Problem dabei ist, diese Shows haben auch einen eigenen Charakter des Merchedisings. Der Präsident von Radio Europe, ein französischer Top-Journalist, sagte bereits vor 30 Jahren, dass die Programmeinfärbung einen großen Fehler darstelle. Zum Thema Werbung: Ö3 hat die zweithöchste Werbeschaltung eines Eurovisionspopsenders. Laut Aussage der Eurovision gab es schon ein Mahnverfahren, das aber 2006 gegen Kaution von 100.000 € eingestellt wurde.
2007 wurde festgestellt, 21% des Ö3-Programms ist reine Werbung. Und warum? Weil Ö3 die schwächelnden Sender FM4 und Ö1 unterstützen muss.
Ö3 finanziert praktisch diese Sender mit. Warum, so frage ich mich, musste Radio Österreich International oder ein Blue Danube Radio schliessen? Weil kein
Geld mehr da war, diese Sender zu unterhalten. Ein ehemaliger Radiomacher aus Österreich, der nun in Südtirol lebt, sagte mir, das Problem sei, Ö3 vergeude teilweise die Vergütungen des ORF, so dass die beiden anderen Programmen aus "Kostengründen" geschlossen werden mussten. Das Problem ist aber, BDR und ROI waren durchaus Kostenbringer. Salzburgs Medieninstitut hat zwischen 1998 und 2004 Messungen durchgeführt, wie viele Leute (im In- als auch im Ausland) BDR und ROI hörten. Der Anteil lag so zwischen 12 und 15%. Vor allem Leute aus dem Ausland, die deutsche Nachrichten hören wollten, griffen auf dieses Programm (ROI) zurück. Aber auch bei besonders angloamerikanischen Touristen war BDR beliebt. Damit tat sich der ORF auch keinen Gefallen, diesen für den Tourismus so wichtigen Sender einfach aufzuheben. Nach SMI (Salzburger Medieninstitut) habe der sich der ORF die letzten Jahre auf Kosten der Qualität gesund gespart. Ein Auswuchs davon ist auch die Programmreform im ORF-Fernsehen. 2007 sollte ja der große Wurf werden, weil die Programmreform anstand. Dabei ist aus einem großen Sturm ein laues Lüftchen geworden. Weniger Zuschauer vermeldet vor allem ORF 1, das die Programmreform kaum unbeschadet überlebt. Mein Eindruck ist, dass der ORF gegenwärtig versucht, durch kleine Tricks wieder Zuschauer retour zu holen. Nicht umsonst hat Österreich in einer Art Schnellverfahren das DVB-T eingeführt, obwohl die Regierung Schüssel noch bis 2008 warten wollte.

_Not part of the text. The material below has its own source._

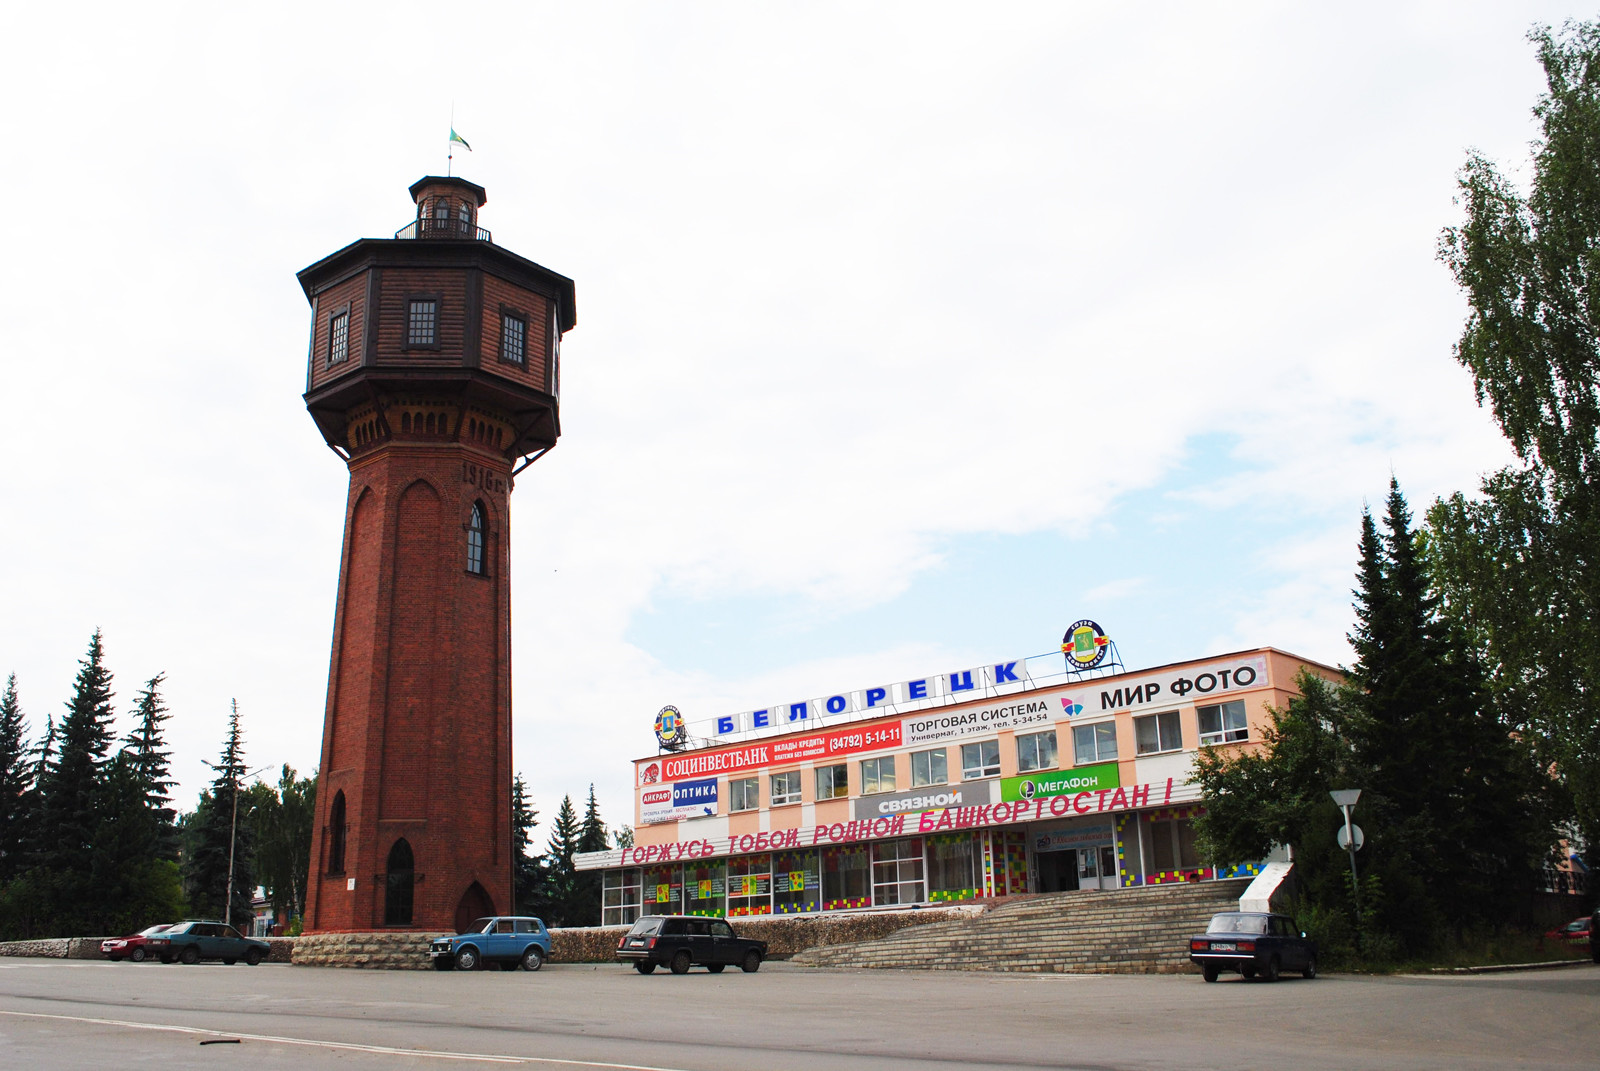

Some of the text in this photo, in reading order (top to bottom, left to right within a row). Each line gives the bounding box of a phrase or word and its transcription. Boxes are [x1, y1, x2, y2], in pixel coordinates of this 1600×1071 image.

Quintessenz: Ö3 und auch der ORF werden immer Baustellen bleiben, auch den perfekten Sender mit der Befriedung aller Musikgeschmäcker (jeder ist da individuell eingestellt) wird es nicht geben. Gut, man kann es so machen, wie es der serbische Rundfunk getan hat: eine Hörerumfrage starten. "Was wollen die Zuhörer/Zuschauer?" wurde da in einem 10seitigen Fragebogen an fast 90% der serbischen Haushalte verschickt. Das täte dem ORF und Ö3 auch ganz gut, zu wissen, wie der Hörer/Zuseher über den Radio/Fernsehsender denkt. Vielleicht ändert das dann die Programmgestaltung.